Hi Mark. Good question, and the answer is… it depends 😉
It depends on what kind of music you want to play, and what kind of sounds you want to make! There’s plenty of gain on the lead channel of the TubeMeisters, so you can do anything from rock to heavy metal with them. An overdrive pedal is great for breaking up an amp’s clean channel, and you would normally use a distortion pedal (yes, there is a difference between overdrive and distortion pedals!) on a clean channel too. You can also use overdrives on dirty channels to get even more distortion, but using distortion pedals on an already quite distorted amp is quite an unusual sound 😉 Some guys love it for crazy metal stuff, but it’s not for everybody!
But if you just want great clean, crunch and lead sounds – and sometimes a nice boost on top – the TM36 with a footswitch will do an amazing job! After that, think of yourself as an artist, using pedals to add extra bits of color here and there 🙂
We hope this helps a bit, but let us know if you have any more specific questions or pedals you’re thinking of – we’d be happy to talk about this all day 😉
I’m seriously thinking of investing in a treble booster but was not sure how my Tubemeister 18 would take to it (they are quite an investment, for such an old, simple device and not easy to get hold of in the uk). Do you guys recommend one that’s ‘tuned’, as you put it to the Tubemeister?

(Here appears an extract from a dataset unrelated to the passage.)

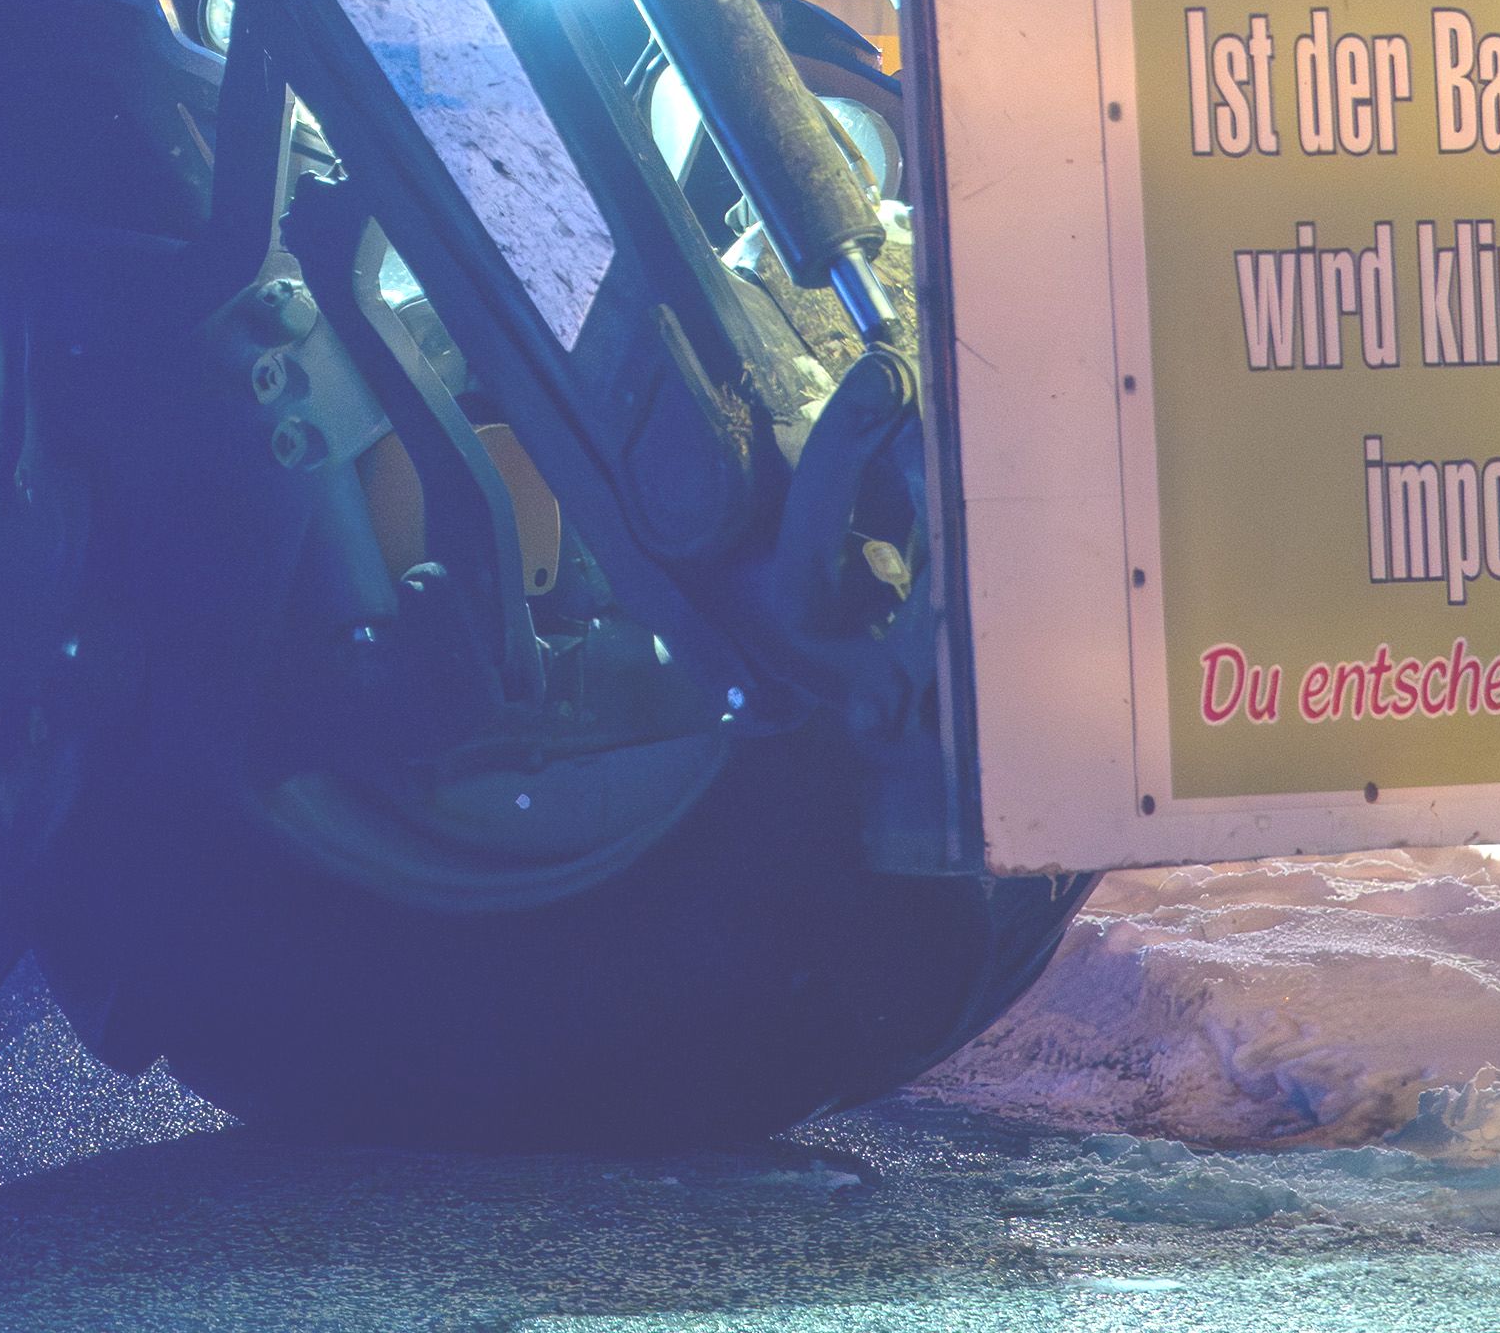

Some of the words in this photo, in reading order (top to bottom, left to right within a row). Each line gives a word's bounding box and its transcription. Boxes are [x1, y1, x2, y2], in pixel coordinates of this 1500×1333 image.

Hi Mark, good question! The thing about treble boosters is that they all take to different amps very differently. What we’d recommend you do is try and test a couple in a store with your amp to see which one sounds best to you. We’ve heard good things about the Brian May ones, but haven’t yet tried them personally. The old vintage treble boosters can be amazing, but obviously are rare, expensive, and can be a disappointment.
One other thing we could recommend is contacting this guy: http://treblebooster.de/
He’s been doing nothing but building treble boosters for 20 years, we know him personally, and he could talk to you forever about the best treble booster for your exact needs. Plus he’ll even build you a unique personal one, if that’s what you want. There are, naturally, cheaper options out there (we just Googled a bit and the Mooer looks like it could be worth a try – but again, we’ve not used it so can’t comment) but for treble boosters, this is the place to be!
Hope this helps, and let us know how you go – we’d be interested to hear how your future treble booster experimenting pans out!
Dimension C Chorus, Digital Delay, Compressor, Rat. That’s it. Music Man 112RD Fifty. 30 years and I have my sound.
Simple and straightforward, with a dash of each ‘classic’ sound you’d ever need – sounds like a cool rig, Mike! What guitar(s) do you run with it?
Great article, on what can be a dark art. Personally just use a bit of chorus and phase in the loop and let my tubemeister take care of the gain with just a clean boost and/or wah for solos – best amp I’ve ever owned, love it!!!
Thanks for the kind words Paul, and you’re right – FX are a bit of a dark art! Some guitarists won’t touch them, and some swear by them. We’re somewhere in the middle, in that we love their possibilities, but we realise that FX don’t necessarily equal great tone. That comes from the fingers first and foremost. What we didn’t touch on in the post is built-in FX on amps, like you mention – perhaps that’s for another day, so thanks for the inspiration 😉
great things and helpfull….
Thanks a lot Olaf!
Differant peddles for differant styles of music. Av actualy used a Lesley. Rotary speaker . Yrs ago. Tryin to find the holy grail. Of sound.. and a think am happy ish with wot av got. x
Yes, we all like things a little different. Music would be boring if we’re all the same, I suppose! But for many guitarists, it’s a lifelong journey to finding the best tone, and that means a constantly changing setup… Which can be fun, if expensive 😉
PS. Jealous on the real Leslie thing!